Task to carry out.
Will you give every entry again exactly as it stands?

Records supplied.
===============

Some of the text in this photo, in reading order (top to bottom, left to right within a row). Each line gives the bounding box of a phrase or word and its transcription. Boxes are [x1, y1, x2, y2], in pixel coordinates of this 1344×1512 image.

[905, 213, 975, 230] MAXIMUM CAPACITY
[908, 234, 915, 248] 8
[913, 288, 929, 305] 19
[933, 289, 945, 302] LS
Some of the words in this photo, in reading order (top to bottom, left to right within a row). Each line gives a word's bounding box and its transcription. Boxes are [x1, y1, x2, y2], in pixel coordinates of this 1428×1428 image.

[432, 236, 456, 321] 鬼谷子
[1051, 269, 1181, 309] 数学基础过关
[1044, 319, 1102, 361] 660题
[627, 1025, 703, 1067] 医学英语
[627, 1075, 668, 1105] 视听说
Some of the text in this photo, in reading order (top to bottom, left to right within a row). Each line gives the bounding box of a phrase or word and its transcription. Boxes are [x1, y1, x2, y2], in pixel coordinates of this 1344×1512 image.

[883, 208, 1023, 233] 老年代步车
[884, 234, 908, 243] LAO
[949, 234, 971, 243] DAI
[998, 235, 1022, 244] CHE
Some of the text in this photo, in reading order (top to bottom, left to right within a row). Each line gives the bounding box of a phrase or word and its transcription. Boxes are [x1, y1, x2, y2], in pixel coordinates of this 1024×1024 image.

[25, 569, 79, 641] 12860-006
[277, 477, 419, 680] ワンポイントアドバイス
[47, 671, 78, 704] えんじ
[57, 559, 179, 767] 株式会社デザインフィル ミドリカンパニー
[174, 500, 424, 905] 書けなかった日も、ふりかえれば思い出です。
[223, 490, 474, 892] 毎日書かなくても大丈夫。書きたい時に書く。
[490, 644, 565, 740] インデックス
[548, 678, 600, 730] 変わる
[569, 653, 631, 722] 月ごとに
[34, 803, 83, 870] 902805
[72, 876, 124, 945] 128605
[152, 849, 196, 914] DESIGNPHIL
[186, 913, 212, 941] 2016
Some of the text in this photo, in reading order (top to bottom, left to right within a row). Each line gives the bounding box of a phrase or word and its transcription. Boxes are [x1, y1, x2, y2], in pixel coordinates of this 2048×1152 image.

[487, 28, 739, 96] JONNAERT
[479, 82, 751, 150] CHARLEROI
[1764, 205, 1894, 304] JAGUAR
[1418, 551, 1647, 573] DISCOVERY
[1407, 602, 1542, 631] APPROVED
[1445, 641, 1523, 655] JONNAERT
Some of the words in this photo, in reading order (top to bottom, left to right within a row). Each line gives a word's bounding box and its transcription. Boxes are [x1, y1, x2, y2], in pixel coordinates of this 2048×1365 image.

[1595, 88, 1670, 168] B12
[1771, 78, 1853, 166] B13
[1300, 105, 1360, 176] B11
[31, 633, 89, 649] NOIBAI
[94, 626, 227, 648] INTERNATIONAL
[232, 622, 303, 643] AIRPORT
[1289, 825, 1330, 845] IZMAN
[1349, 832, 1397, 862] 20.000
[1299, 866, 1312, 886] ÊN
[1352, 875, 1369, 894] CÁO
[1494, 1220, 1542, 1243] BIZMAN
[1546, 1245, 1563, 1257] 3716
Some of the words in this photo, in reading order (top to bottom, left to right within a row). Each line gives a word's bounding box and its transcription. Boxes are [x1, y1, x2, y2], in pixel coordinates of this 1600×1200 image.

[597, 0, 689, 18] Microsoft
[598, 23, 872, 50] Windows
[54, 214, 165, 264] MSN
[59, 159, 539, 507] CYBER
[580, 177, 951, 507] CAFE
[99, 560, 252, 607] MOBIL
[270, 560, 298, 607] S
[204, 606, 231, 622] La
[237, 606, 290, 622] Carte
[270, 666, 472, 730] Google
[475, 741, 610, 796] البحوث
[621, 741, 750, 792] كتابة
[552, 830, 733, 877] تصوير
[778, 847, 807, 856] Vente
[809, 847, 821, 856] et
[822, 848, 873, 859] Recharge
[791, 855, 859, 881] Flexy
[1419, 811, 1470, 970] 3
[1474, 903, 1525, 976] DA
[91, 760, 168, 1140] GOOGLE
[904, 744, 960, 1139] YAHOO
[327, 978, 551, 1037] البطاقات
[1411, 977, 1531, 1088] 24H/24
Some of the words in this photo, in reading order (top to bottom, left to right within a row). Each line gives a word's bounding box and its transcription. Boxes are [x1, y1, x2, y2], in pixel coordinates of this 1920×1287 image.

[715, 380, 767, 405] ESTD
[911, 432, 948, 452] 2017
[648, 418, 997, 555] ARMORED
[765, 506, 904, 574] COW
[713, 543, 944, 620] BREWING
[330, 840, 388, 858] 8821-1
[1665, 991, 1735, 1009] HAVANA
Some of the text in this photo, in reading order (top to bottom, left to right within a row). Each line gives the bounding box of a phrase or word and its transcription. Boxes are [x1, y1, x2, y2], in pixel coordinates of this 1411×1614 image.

===============

Finished task.
Some of the text in this photo, in reading order (top to bottom, left to right within a row). Each line gives the bounding box of a phrase or word and its transcription. Boxes are [x1, y1, x2, y2], in pixel coordinates of this 1344×1512 image.

[905, 213, 975, 230] MAXIMUM CAPACITY
[908, 234, 915, 248] 8
[913, 288, 929, 305] 19
[933, 289, 945, 302] LS
Some of the words in this photo, in reading order (top to bottom, left to right within a row). Each line gives a word's bounding box and its transcription. Boxes are [x1, y1, x2, y2], in pixel coordinates of this 1428×1428 image.

[432, 236, 456, 321] 鬼谷子
[1051, 269, 1181, 309] 数学基础过关
[1044, 319, 1102, 361] 660题
[627, 1025, 703, 1067] 医学英语
[627, 1075, 668, 1105] 视听说
Some of the text in this photo, in reading order (top to bottom, left to right within a row). Each line gives the bounding box of a phrase or word and its transcription. Boxes are [x1, y1, x2, y2], in pixel coordinates of this 1344×1512 image.

[883, 208, 1023, 233] 老年代步车
[884, 234, 908, 243] LAO
[949, 234, 971, 243] DAI
[998, 235, 1022, 244] CHE
Some of the text in this photo, in reading order (top to bottom, left to right within a row). Each line gives the bounding box of a phrase or word and its transcription. Boxes are [x1, y1, x2, y2], in pixel coordinates of this 1024×1024 image.

[25, 569, 79, 641] 12860-006
[277, 477, 419, 680] ワンポイントアドバイス
[47, 671, 78, 704] えんじ
[57, 559, 179, 767] 株式会社デザインフィル ミドリカンパニー
[174, 500, 424, 905] 書けなかった日も、ふりかえれば思い出です。
[223, 490, 474, 892] 毎日書かなくても大丈夫。書きたい時に書く。
[490, 644, 565, 740] インデックス
[548, 678, 600, 730] 変わる
[569, 653, 631, 722] 月ごとに
[34, 803, 83, 870] 902805
[72, 876, 124, 945] 128605
[152, 849, 196, 914] DESIGNPHIL
[186, 913, 212, 941] 2016
Some of the text in this photo, in reading order (top to bottom, left to right within a row). Each line gives the bounding box of a phrase or word and its transcription. Boxes are [x1, y1, x2, y2], in pixel coordinates of this 2048×1152 image.

[487, 28, 739, 96] JONNAERT
[479, 82, 751, 150] CHARLEROI
[1764, 205, 1894, 304] JAGUAR
[1418, 551, 1647, 573] DISCOVERY
[1407, 602, 1542, 631] APPROVED
[1445, 641, 1523, 655] JONNAERT
Some of the words in this photo, in reading order (top to bottom, left to right within a row). Each line gives a word's bounding box and its transcription. Boxes are [x1, y1, x2, y2], in pixel coordinates of this 2048×1365 image.

[1595, 88, 1670, 168] B12
[1771, 78, 1853, 166] B13
[1300, 105, 1360, 176] B11
[31, 633, 89, 649] NOIBAI
[94, 626, 227, 648] INTERNATIONAL
[232, 622, 303, 643] AIRPORT
[1289, 825, 1330, 845] IZMAN
[1349, 832, 1397, 862] 20.000
[1299, 866, 1312, 886] ÊN
[1352, 875, 1369, 894] CÁO
[1494, 1220, 1542, 1243] BIZMAN
[1546, 1245, 1563, 1257] 3716
Some of the words in this photo, in reading order (top to bottom, left to right within a row). Each line gives a word's bounding box and its transcription. Boxes are [x1, y1, x2, y2], in pixel coordinates of this 1600×1200 image.

[597, 0, 689, 18] Microsoft
[598, 23, 872, 50] Windows
[54, 214, 165, 264] MSN
[59, 159, 539, 507] CYBER
[580, 177, 951, 507] CAFE
[99, 560, 252, 607] MOBIL
[270, 560, 298, 607] S
[204, 606, 231, 622] La
[237, 606, 290, 622] Carte
[270, 666, 472, 730] Google
[475, 741, 610, 796] البحوث
[621, 741, 750, 792] كتابة
[552, 830, 733, 877] تصوير
[778, 847, 807, 856] Vente
[809, 847, 821, 856] et
[822, 848, 873, 859] Recharge
[791, 855, 859, 881] Flexy
[1419, 811, 1470, 970] 3
[1474, 903, 1525, 976] DA
[91, 760, 168, 1140] GOOGLE
[904, 744, 960, 1139] YAHOO
[327, 978, 551, 1037] البطاقات
[1411, 977, 1531, 1088] 24H/24
Some of the words in this photo, in reading order (top to bottom, left to right within a row). Each line gives a word's bounding box and its transcription. Boxes are [x1, y1, x2, y2], in pixel coordinates of this 1920×1287 image.

[715, 380, 767, 405] ESTD
[911, 432, 948, 452] 2017
[648, 418, 997, 555] ARMORED
[765, 506, 904, 574] COW
[713, 543, 944, 620] BREWING
[330, 840, 388, 858] 8821-1
[1665, 991, 1735, 1009] HAVANA
Some of the text in this photo, in reading order (top to bottom, left to right within a row). Each line gives the bounding box of a phrase or word and its transcription. Boxes are [x1, y1, x2, y2], in pixel coordinates of this 1411×1614 image.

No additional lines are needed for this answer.